### What the task asks
Reproduce the lines below exactly. Skip images.

### Data supplied
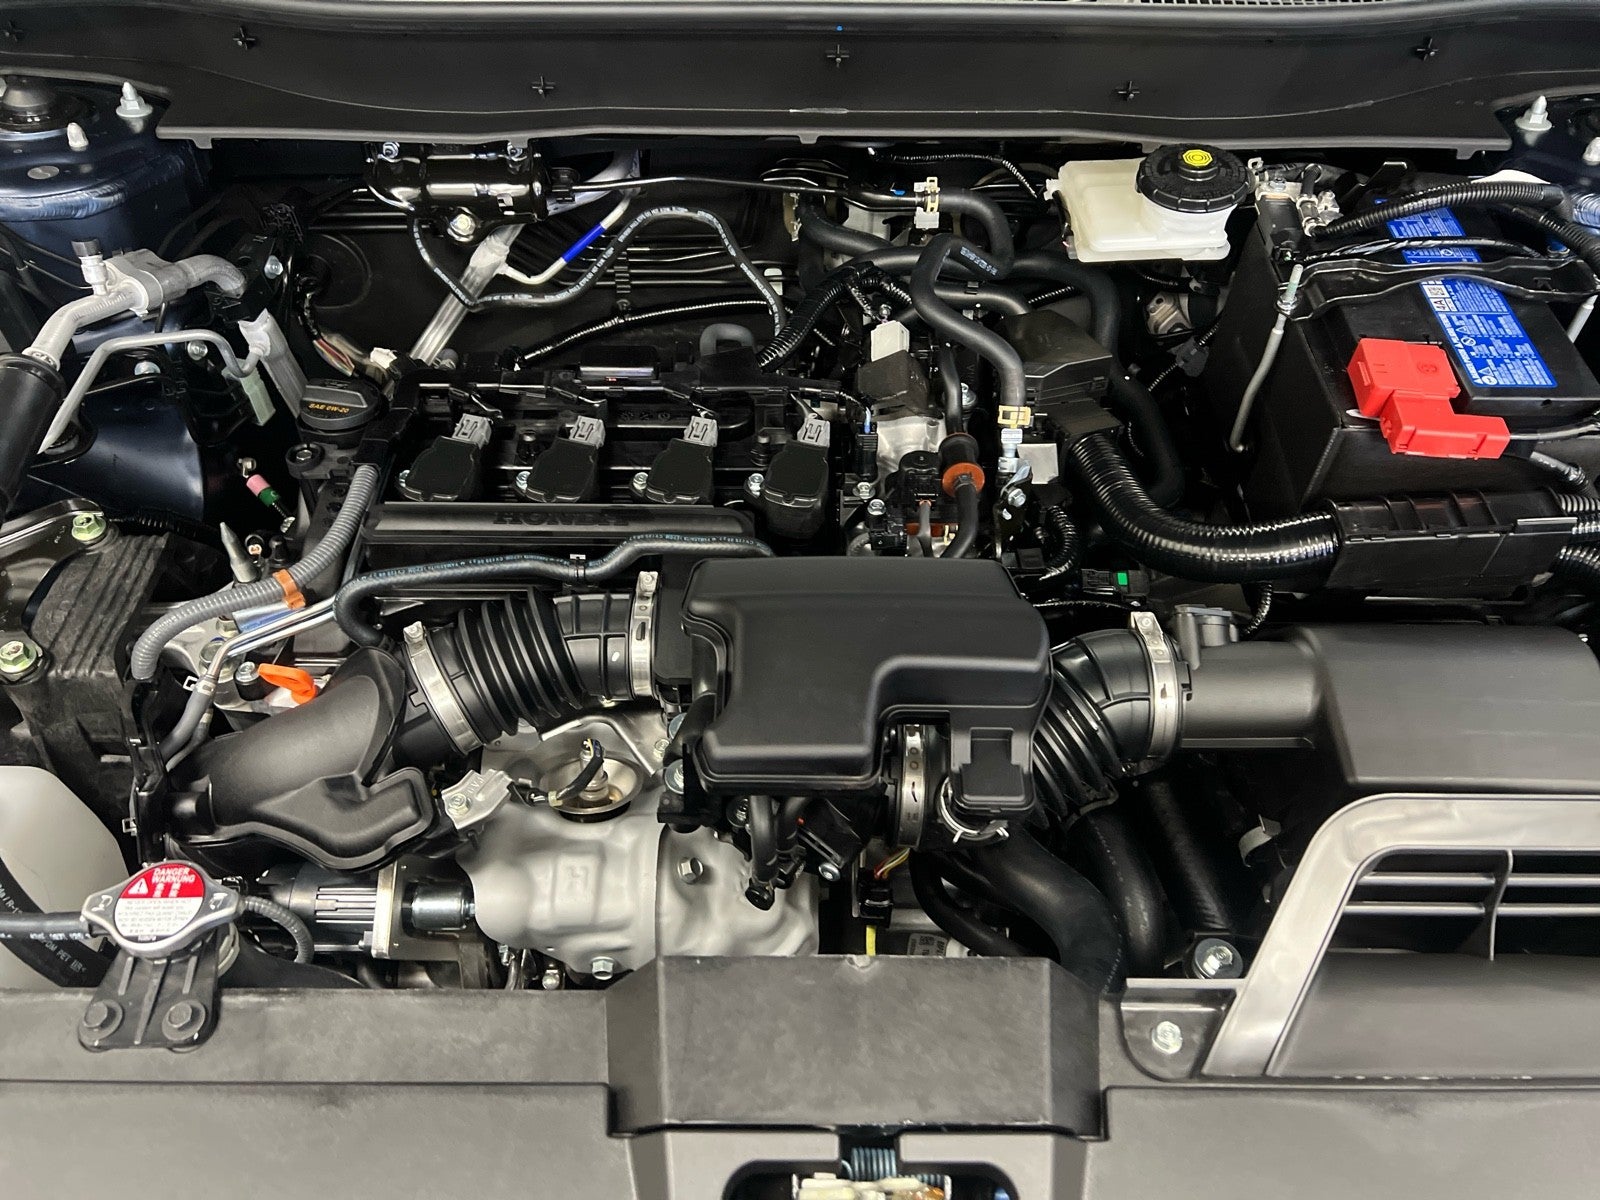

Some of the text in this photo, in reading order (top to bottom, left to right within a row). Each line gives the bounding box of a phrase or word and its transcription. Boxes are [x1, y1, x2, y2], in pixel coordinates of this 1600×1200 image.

[326, 405, 350, 413] 0W-20
[493, 511, 629, 526] HONDA
[153, 867, 190, 876] DANGER
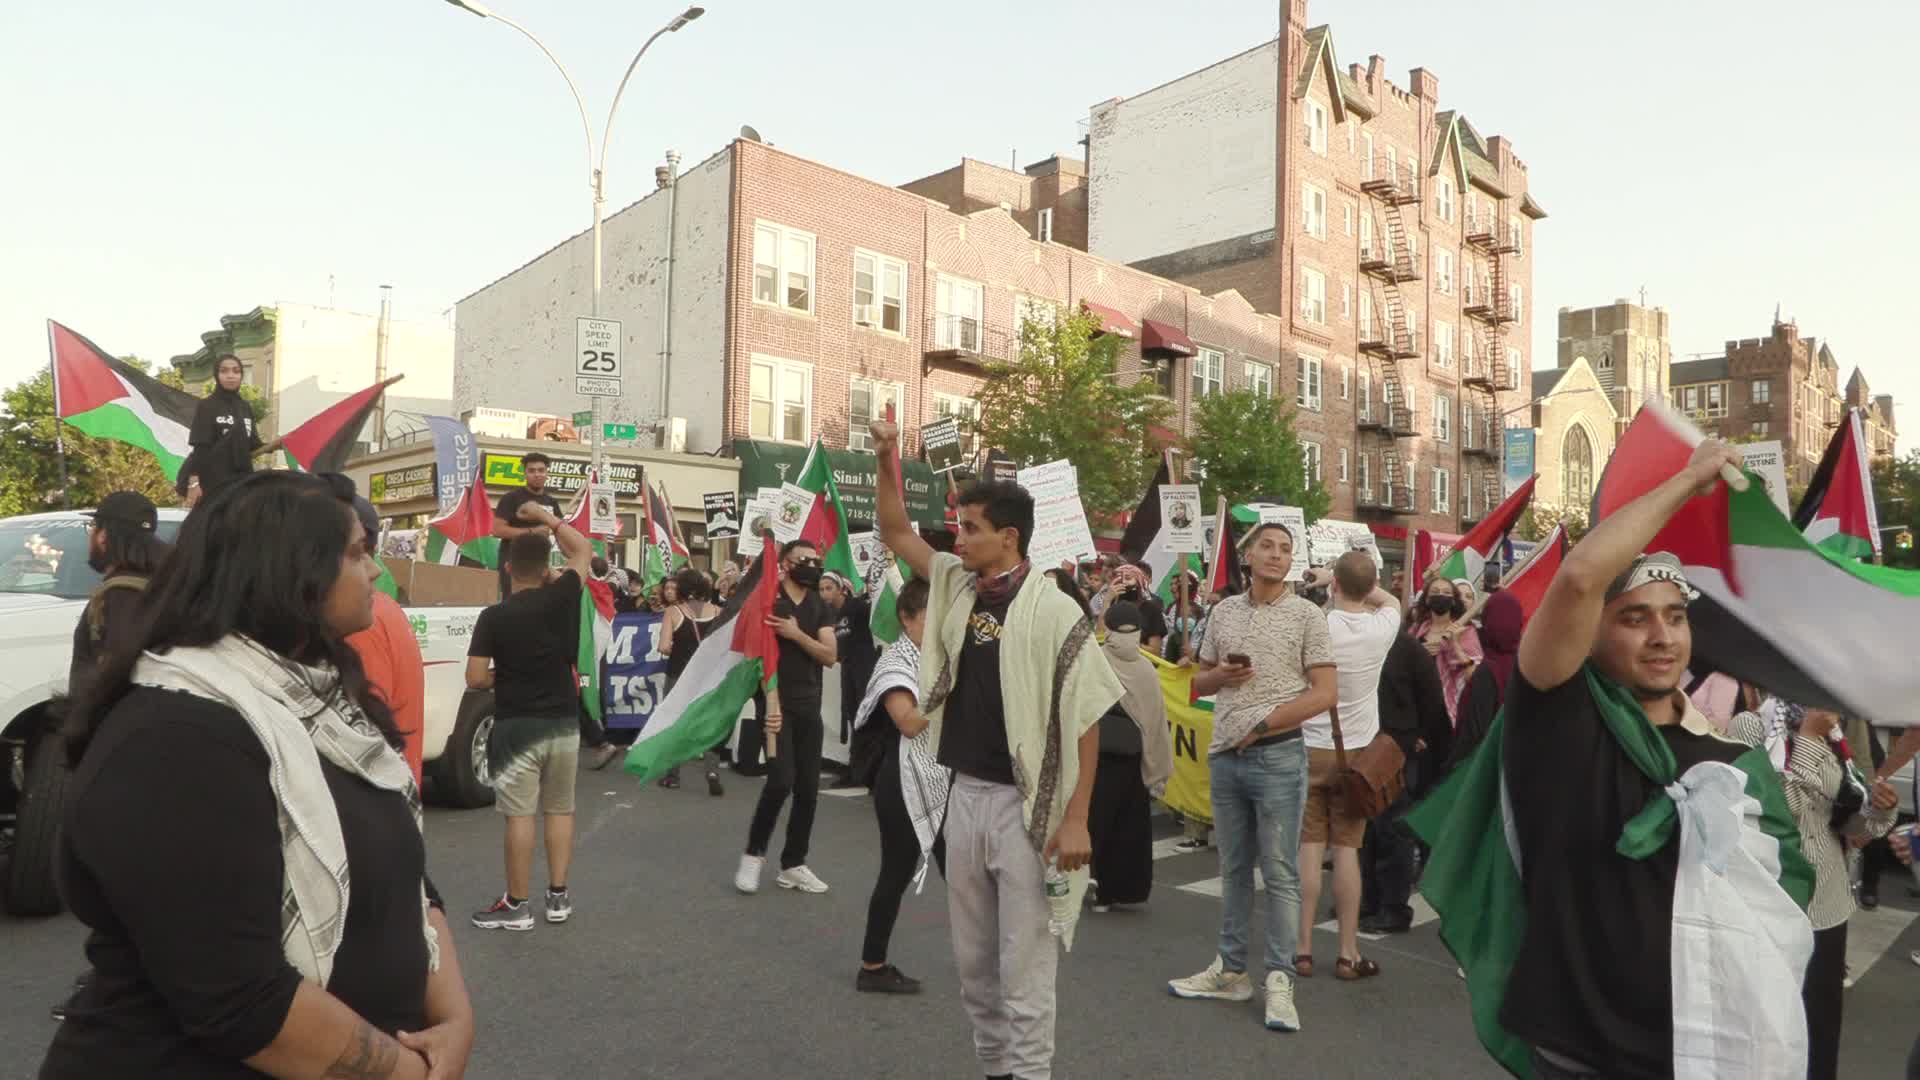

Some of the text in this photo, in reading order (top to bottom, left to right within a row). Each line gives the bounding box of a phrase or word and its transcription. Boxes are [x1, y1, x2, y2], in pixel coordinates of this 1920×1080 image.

[589, 322, 608, 330] CITY
[585, 330, 612, 339] SPEED
[587, 340, 609, 348] LIMIT
[582, 350, 616, 372] 25
[579, 386, 618, 395] ENFORCED
[586, 380, 611, 388] PHOTO
[546, 461, 637, 479] HECK CHING
[833, 469, 862, 485] Sinai
[544, 476, 563, 488] REE
[609, 481, 640, 494] DERS
[905, 477, 929, 493] Center
[445, 624, 466, 637] Truck
[606, 626, 638, 664] M
[606, 672, 667, 715] IST
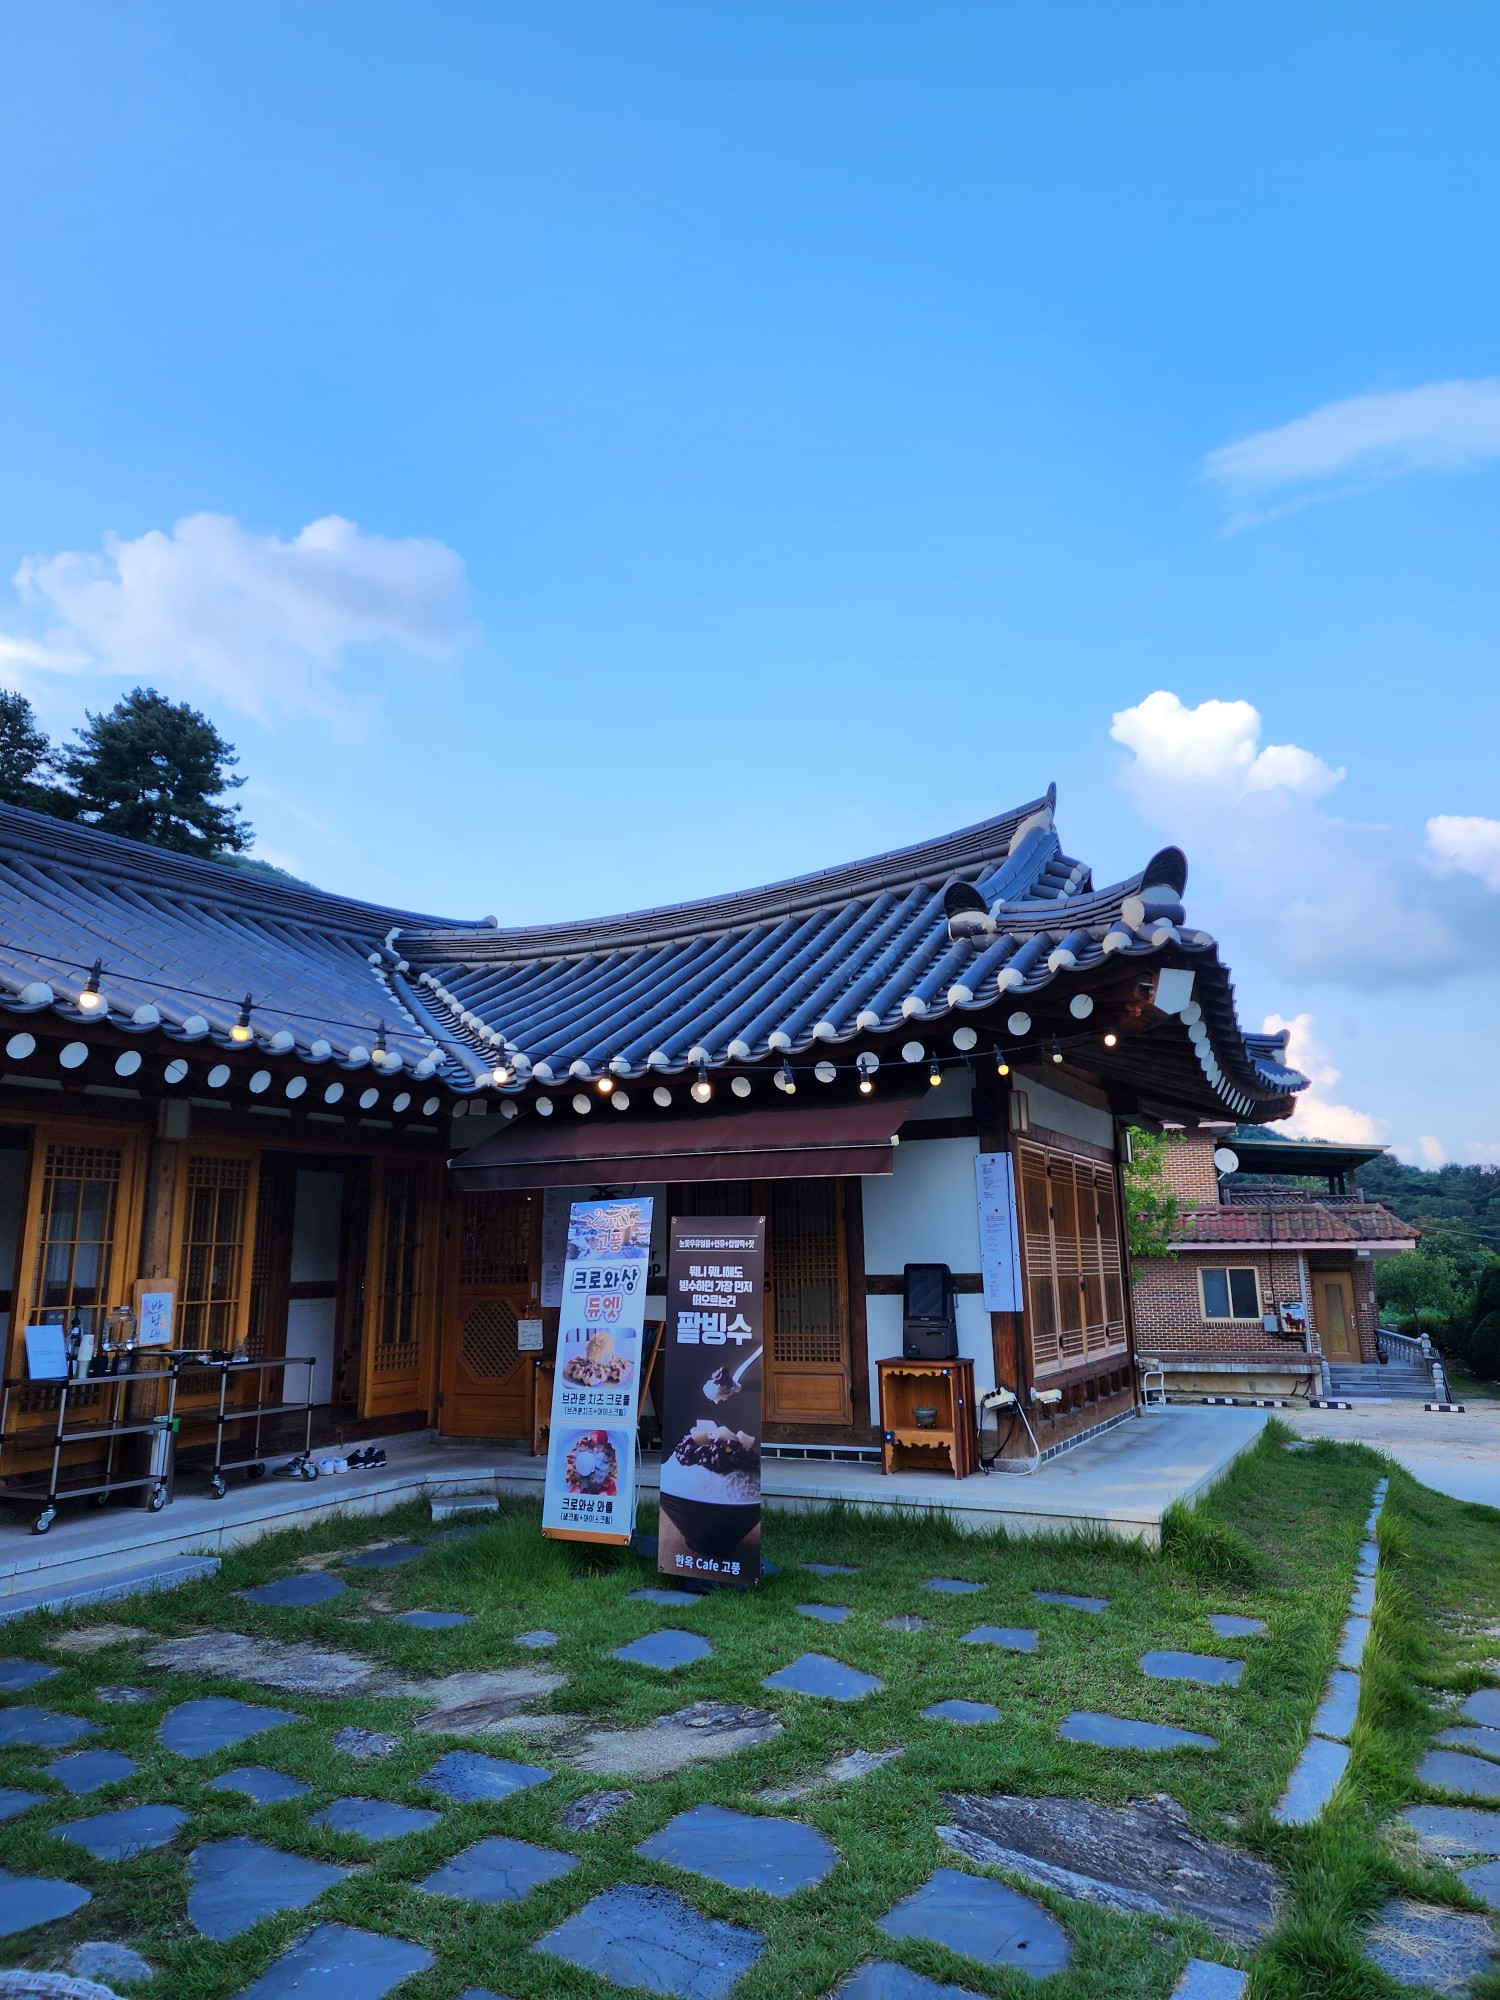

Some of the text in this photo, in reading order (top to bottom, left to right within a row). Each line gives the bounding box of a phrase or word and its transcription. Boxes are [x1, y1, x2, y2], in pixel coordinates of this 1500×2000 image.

### Solution for this problem
Some of the text in this photo, in reading order (top to bottom, left to right within a row). Each line gives the bounding box of a phrase or word and its transcription. Boxes are [x1, y1, x2, y2], in pixel coordinates of this 1600×1200 image.

[326, 405, 350, 413] 0W-20
[493, 511, 629, 526] HONDA
[153, 867, 190, 876] DANGER

Some of the text in this photo, in reading order (top to bottom, left to right within a row). Each line gives the bounding box of a phrase or word and its transcription. Boxes are [x1, y1, x2, y2], in pixel coordinates of this 1920×1080 image.

[589, 322, 608, 330] CITY
[585, 330, 612, 339] SPEED
[587, 340, 609, 348] LIMIT
[582, 350, 616, 372] 25
[579, 386, 618, 395] ENFORCED
[586, 380, 611, 388] PHOTO
[546, 461, 637, 479] HECK CHING
[833, 469, 862, 485] Sinai
[544, 476, 563, 488] REE
[609, 481, 640, 494] DERS
[905, 477, 929, 493] Center
[445, 624, 466, 637] Truck
[606, 626, 638, 664] M
[606, 672, 667, 715] IST

Some of the text in this photo, in reading order (top to bottom, left to right within a row). Each line gives the bounding box of a phrase or word and its transcription. Boxes are [x1, y1, x2, y2], in pixel coordinates of this 1500×2000 image.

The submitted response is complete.